• Records from a collection
###

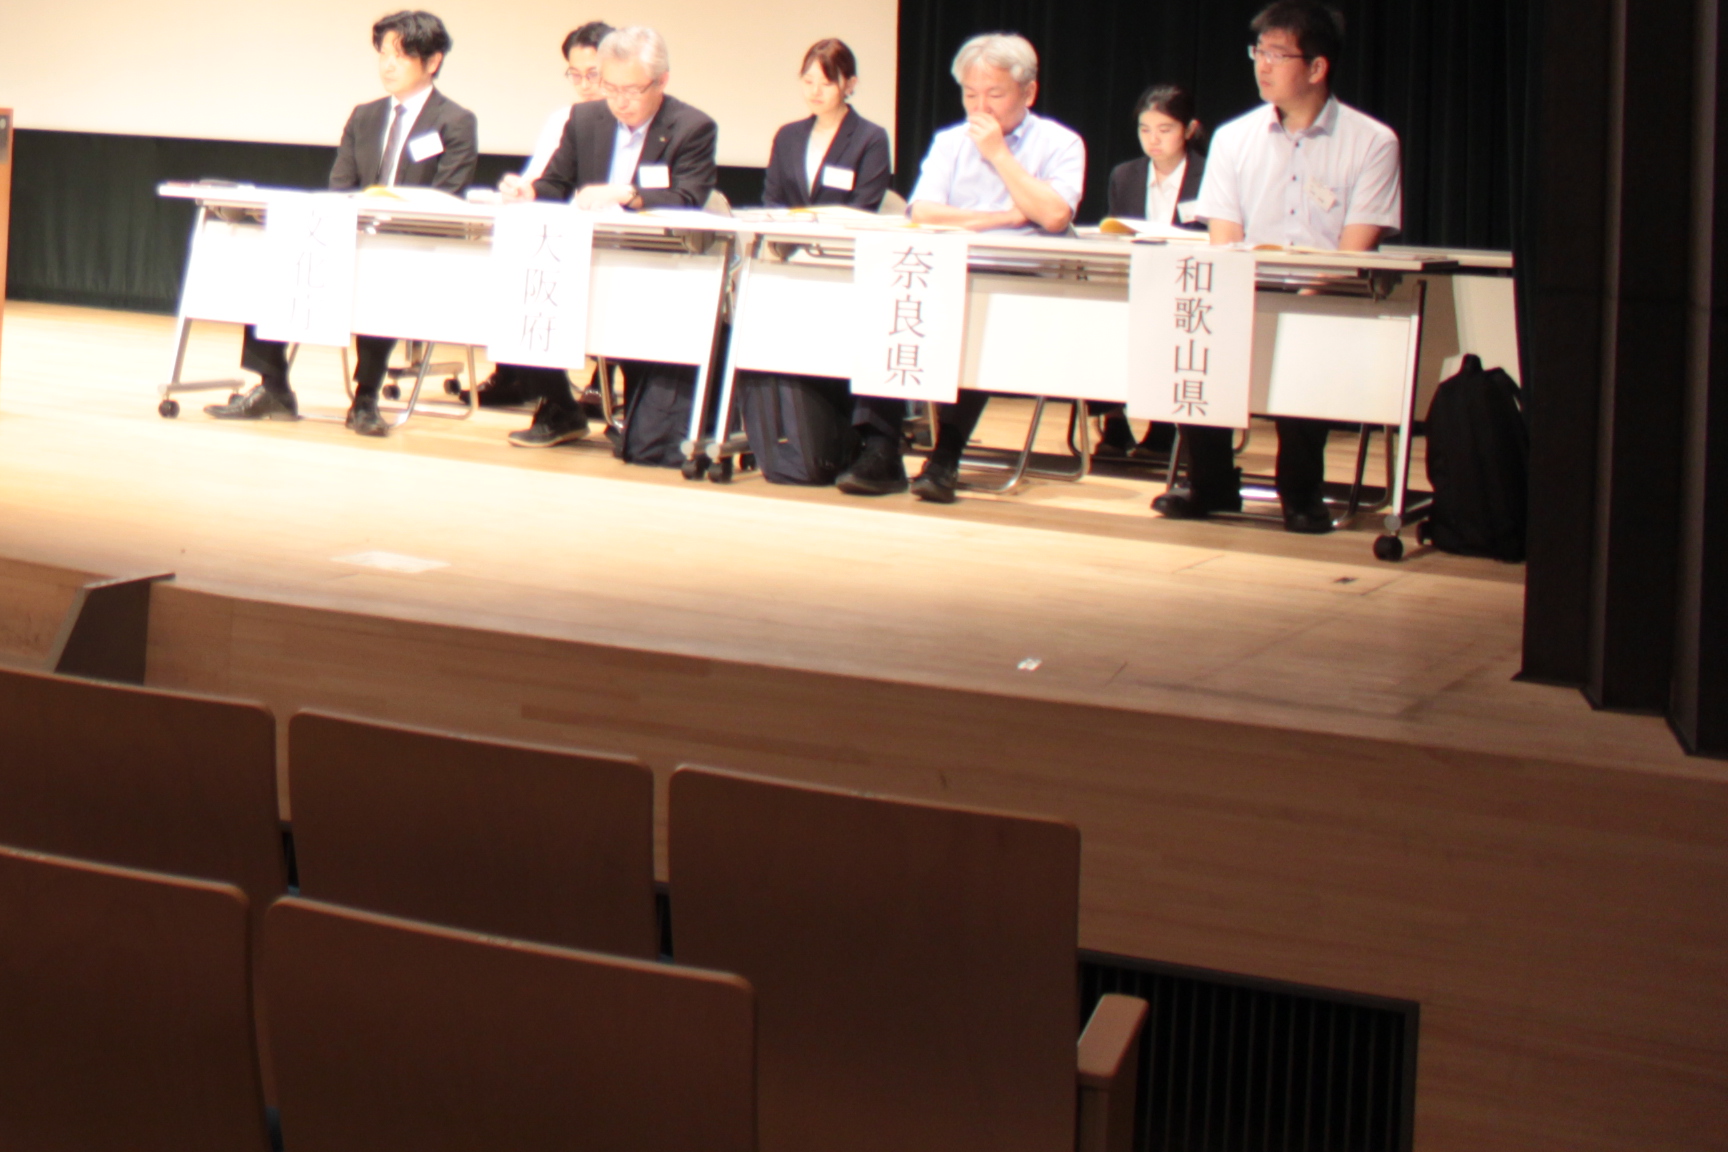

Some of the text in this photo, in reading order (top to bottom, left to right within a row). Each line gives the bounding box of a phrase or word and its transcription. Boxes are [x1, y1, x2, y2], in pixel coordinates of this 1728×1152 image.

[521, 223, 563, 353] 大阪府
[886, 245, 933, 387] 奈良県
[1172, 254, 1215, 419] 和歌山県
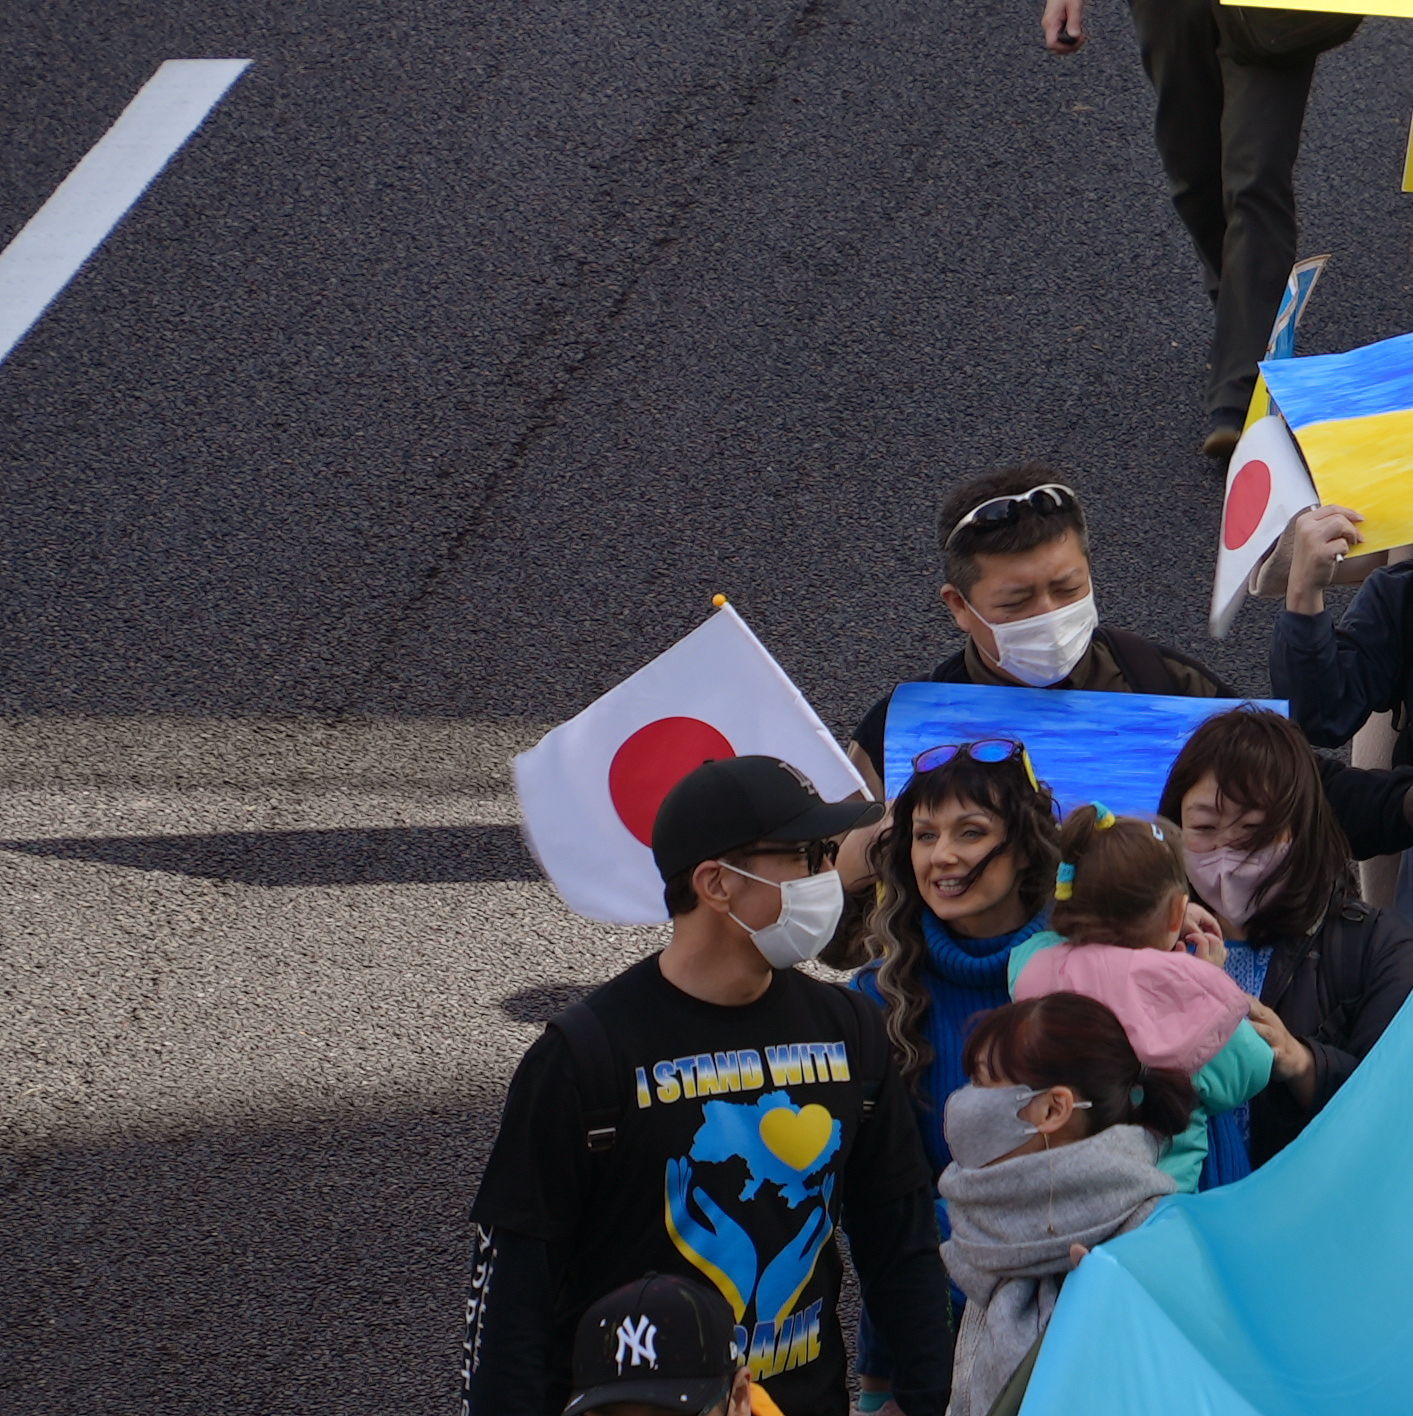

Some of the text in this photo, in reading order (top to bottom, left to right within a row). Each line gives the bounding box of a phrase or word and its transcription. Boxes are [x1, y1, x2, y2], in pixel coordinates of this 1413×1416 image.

###

• Exercise description
Except for pictures, copy the records above exactly.

• Your response
Some of the text in this photo, in reading order (top to bottom, left to right within a row). Each line gives the bounding box of a phrase or word and its transcription. Boxes are [x1, y1, x2, y2], in pixel coordinates of this 1728×1152 image.

[521, 223, 563, 353] 大阪府
[886, 245, 933, 387] 奈良県
[1172, 254, 1215, 419] 和歌山県

Some of the text in this photo, in reading order (top to bottom, left to right within a row). Each line gives the bounding box of a phrase or word and its transcription. Boxes are [x1, y1, x2, y2], in pixel coordinates of this 1413×1416 image.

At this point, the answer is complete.